Fabrication of cation exchange sponges based on melamine-formaldehyde sponges

The development of efficient and reusable cation exchange materials is essential for water purification and ion extraction processes. This study introduces innovative cation-exchange sponges fabricated using a melamine-formaldehyde (MF) sponge as a support. The sponge was dip-coated in a solution of polystyrene in dichloromethane and subsequently sulfonated under controlled temperature and time. Results demonstrated that a polystyrene concentration of 10% (w/v) with sulfonation at 40 °C for 2 h yielded a cation-exchange capacity (CEC) of 1.07 meq/g, beyond which performance declined due to pore blockage.

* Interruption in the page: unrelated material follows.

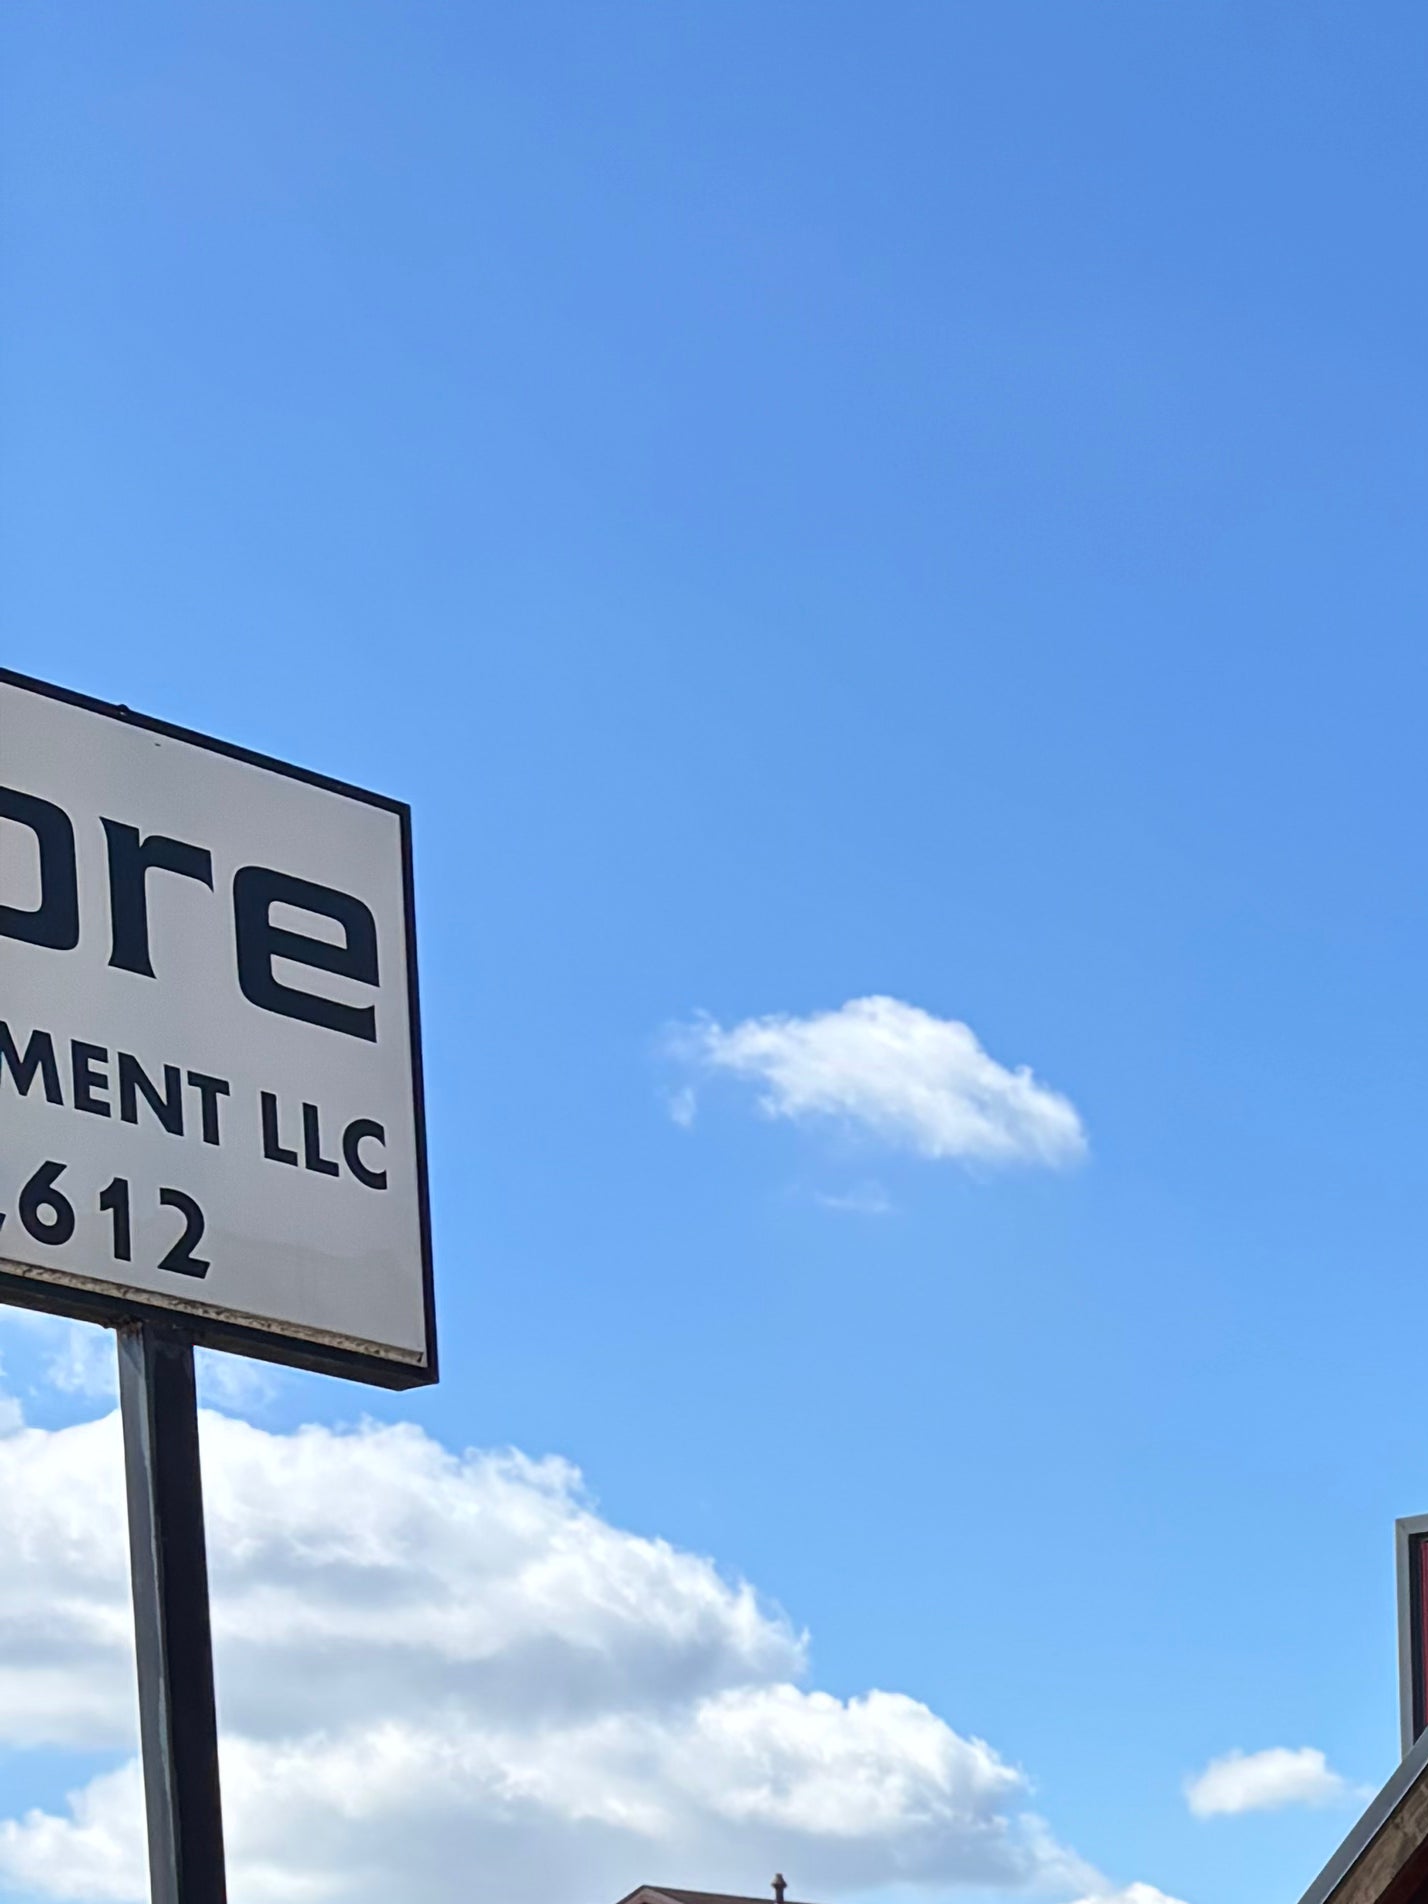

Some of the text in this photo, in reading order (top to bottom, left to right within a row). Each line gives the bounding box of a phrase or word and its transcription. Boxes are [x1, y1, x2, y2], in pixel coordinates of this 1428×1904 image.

[0, 1019, 389, 1190] MENT LLC
[0, 1159, 211, 1280] 612

Extending the sulfonation duration to 3 h increased the CEC to 1.27 meq/g, while a longer duration (4 h) caused a slight decrease attributable to polymer degradation. Response Surface Methodology (RSM) was employed to systematically optimize the process parameters, leading to a maximum CEC of 1.45 meq/g under ideal conditions (47 °C for 3.5 h). Structural characterization via SEM and FTIR confirmed that the enhanced porosity provided a greater surface area and improved access for ion diffusion, while the incorporated sulfonic acid groups served as the primary cation exchange sites. This synergistic effect between the optimized structure and tailored chemistry was directly responsible for the high CEC achieved. The sponge's monolithic, open-pore structure facilitates easy handling and eliminates clogging and high-pressure drops associated with granular resins. This unique combination of high capacity, straightforward fabrication, and excellent hydrodynamic performance positions this material as a highly promising candidate for next-generation water treatment technologies.